22 de noviembre de 2020
Por Celmira Toro Martínez
Por Celmira Toro Martínez
22 de noviembre de 2020
«Como escribir sobre el país duele tanto, intento hacerlo sobre el corazón, buscando así, ocultar la nostalgia de una Patria mancillada y ajena; èste también duele, pero es diferente porque al menos, en temas del corazón alguna huella de amor y de grandeza alienta el alma, pero en los del país, la realidad que vivimos, sólo nos deja vergüenza, miseria y el presagio de un futuro devastador de nuestra historia, de nuestras raíces»

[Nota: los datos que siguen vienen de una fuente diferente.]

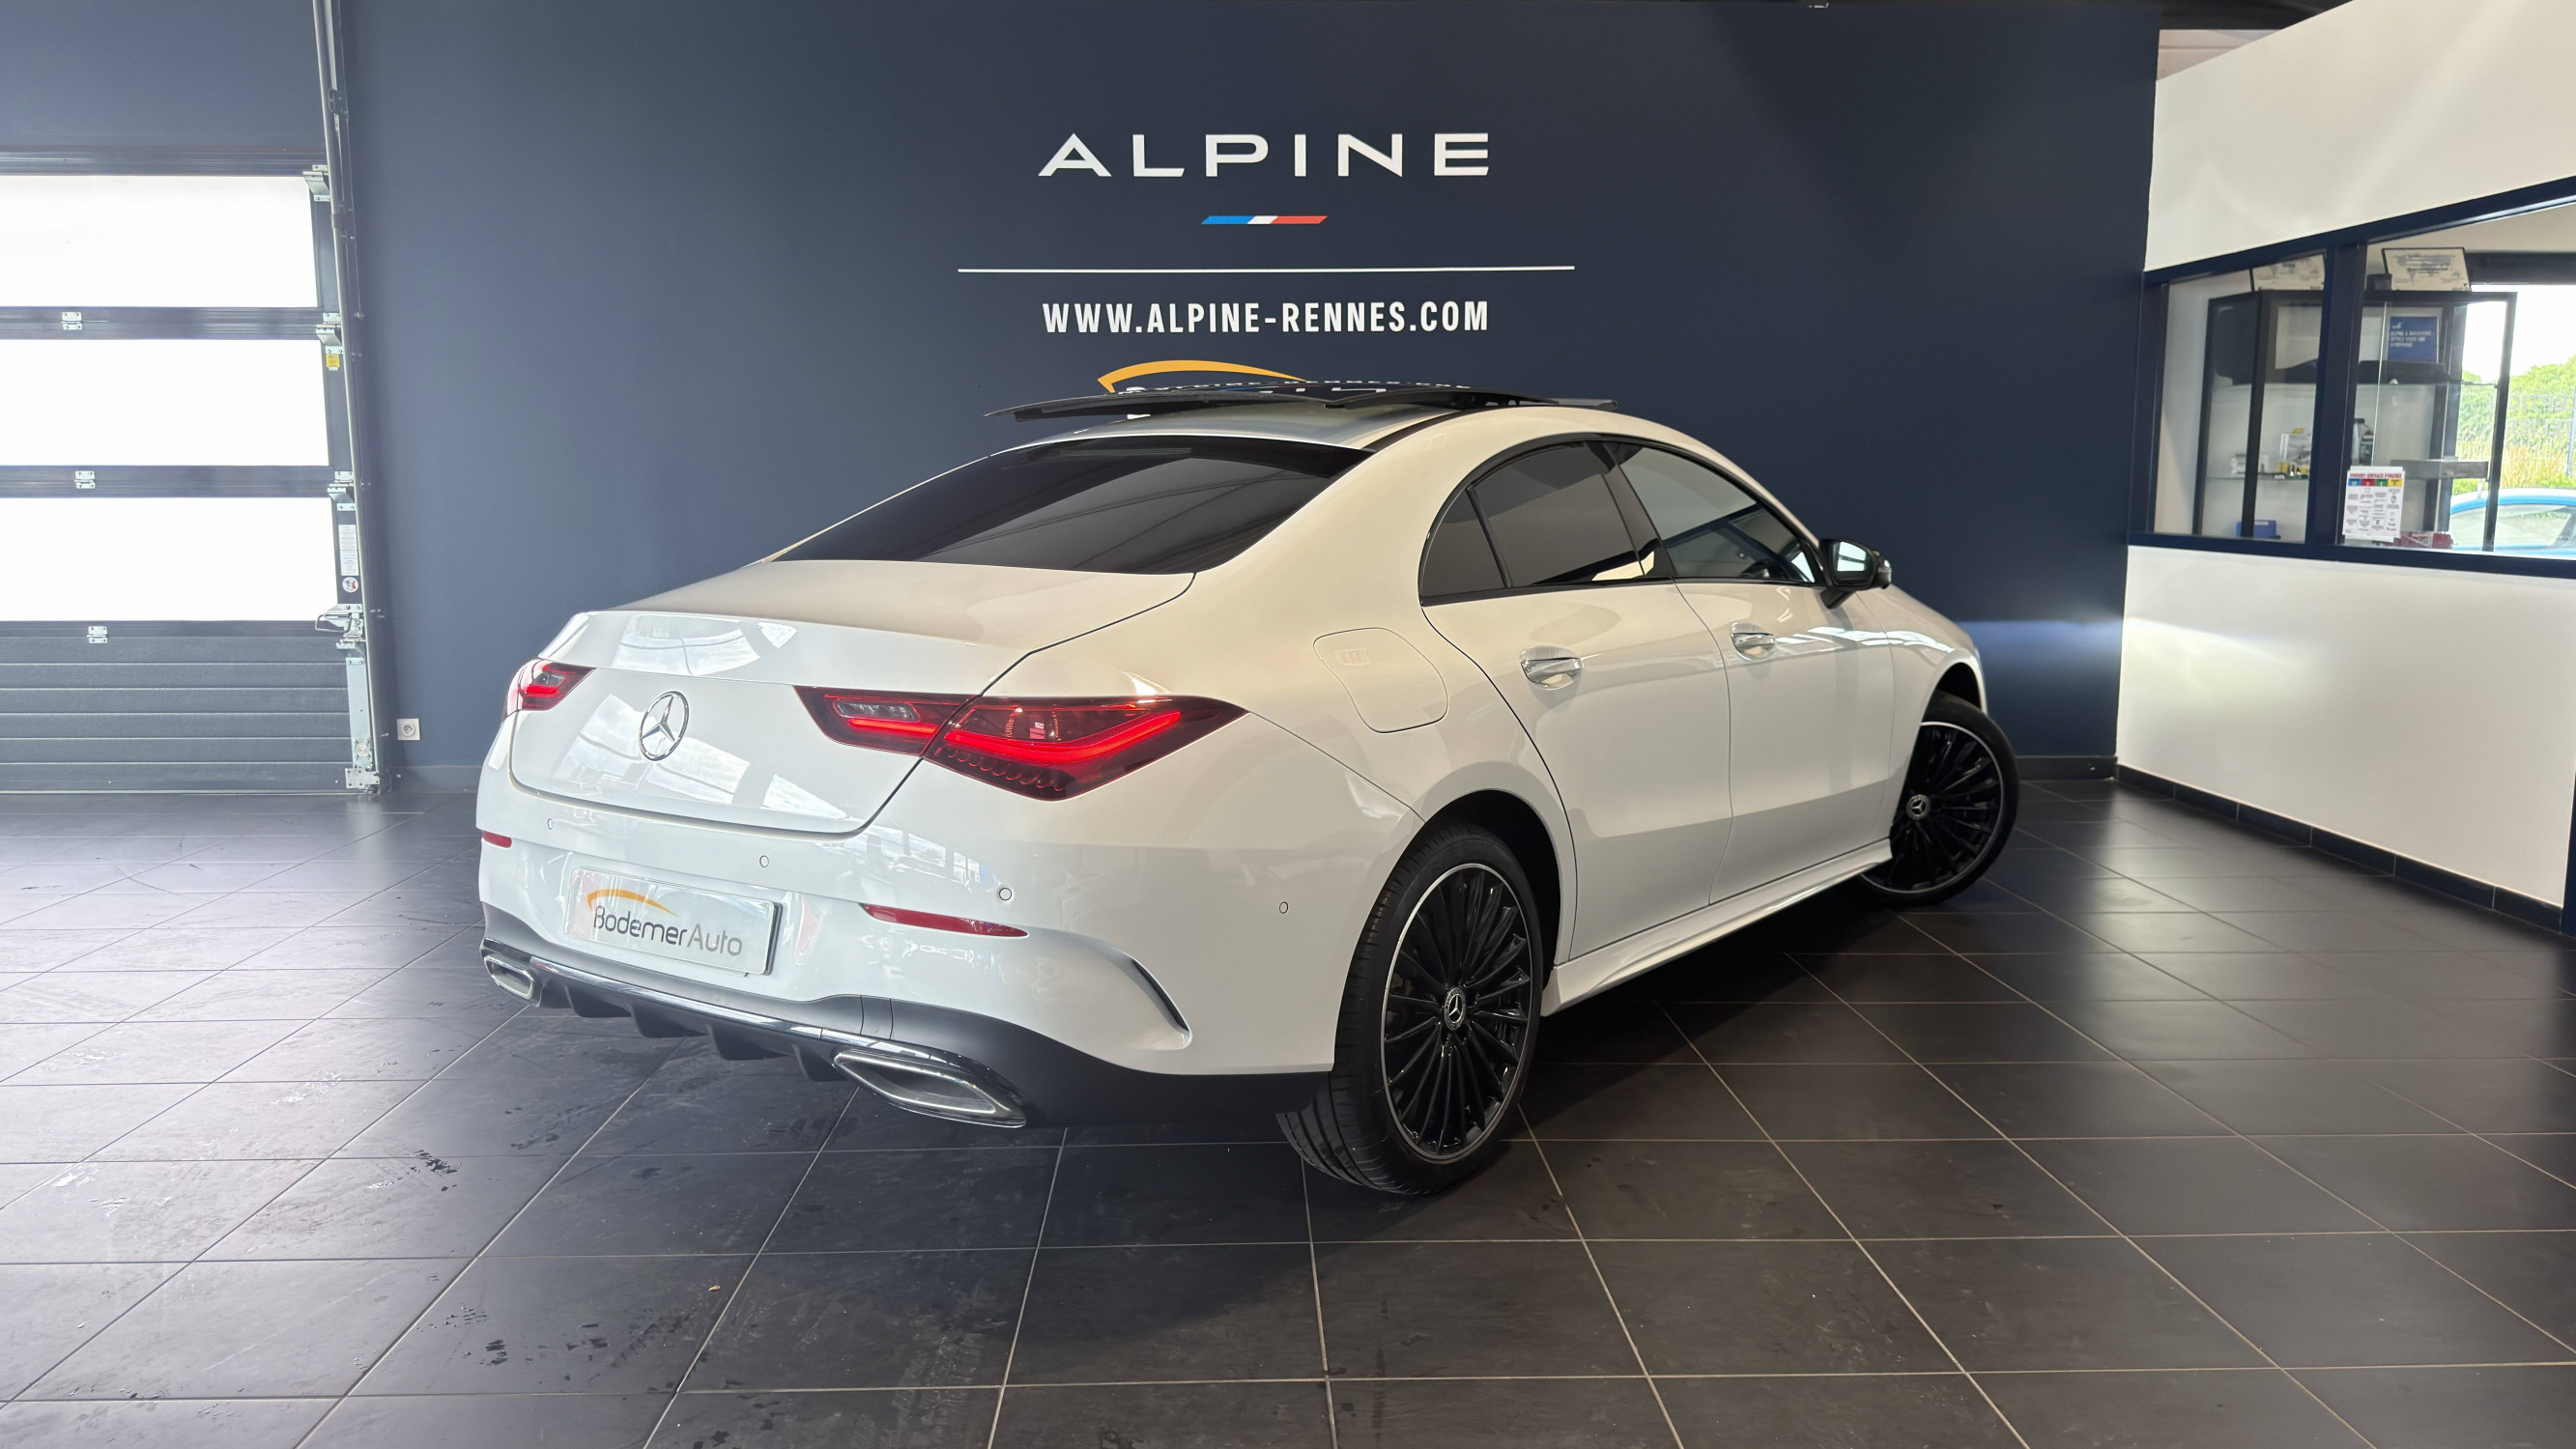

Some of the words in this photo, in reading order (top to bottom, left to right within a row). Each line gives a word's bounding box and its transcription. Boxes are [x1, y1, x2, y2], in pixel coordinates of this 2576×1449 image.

[1038, 132, 1490, 178] ALPINE
[1042, 300, 1488, 333] WWW.ALPINE-RENNES.COM
[592, 904, 743, 957] BodemerAuto

Voy a inventarme encuentros repentinos donde sea posible vernos cerca.

Pondré la mesa y un sencillo alimento, calientico de amor y de recuerdos.

Sonará en la memoria una canción que a todos nos devuelva en el tiempo y como si la ausencia no existiera bailaremos sin prisa hasta que la mañana nos despierte y el sol nos haga sentir, que una nueva mañana nos invita a seguir, así por dentro haya un frío de amor que no se entienda.

Para aliviar la ausencia voy a creer que dentro de la casa están tus cosas, tus huellas y tus sueños.

Voy a sentir que apenas te despiertas y que llegas veloz a meterte en mi cama.

Voy a buscar cobijas que te arropen el alma y te protejan.

Voy a esculcar en los recodos de mi alma, abrazos que te duren para siempre y mis manos inaugurarán nuevas caricias que te acompañen en los viajes sin fin que ahora emprendes.

Voy a dejarte ir; apenas lo comprendo: creciste y tu horizonte es tuyo, nada tiene que ver con lo que siento.

Ya te enfrentas al mundo, hay otra fuente que calmara tu sed y otra luz que dará brillo a tus instantes, lejos de mi tutela y mis afanes.

Toma la herencia que con amor, te fui improntado en tu ser, en todos los momentos de tu vida.

Vuela con la ilusión de llegar lejos; entrega sin medida lo que tienes, perdona sin reparo las ofensas y no te desanimes, te lo ruego.

Quiero verte triunfar y llegar lejos, dejar tu huella marcada en el camino y continuar con fe, así las fuerzas se agoten y te dejen.

Tu meta, aún, está muy lejos, pero paso tras paso iras por ella y cuando por fin la tengas en tus manos mira al cielo y declára  bendiciones inmensas para tantas personas que te amaron, que fueron tu sustento; sigue cruzando el mar de tus anhelos y pasa el horizonte hasta encontrarte, hasta colmar tus ansias, hasta lograr tus sueños.

Mientras tanto, voy a inventarme una historia de amor, que no se te haga extraña cuando vuelvas.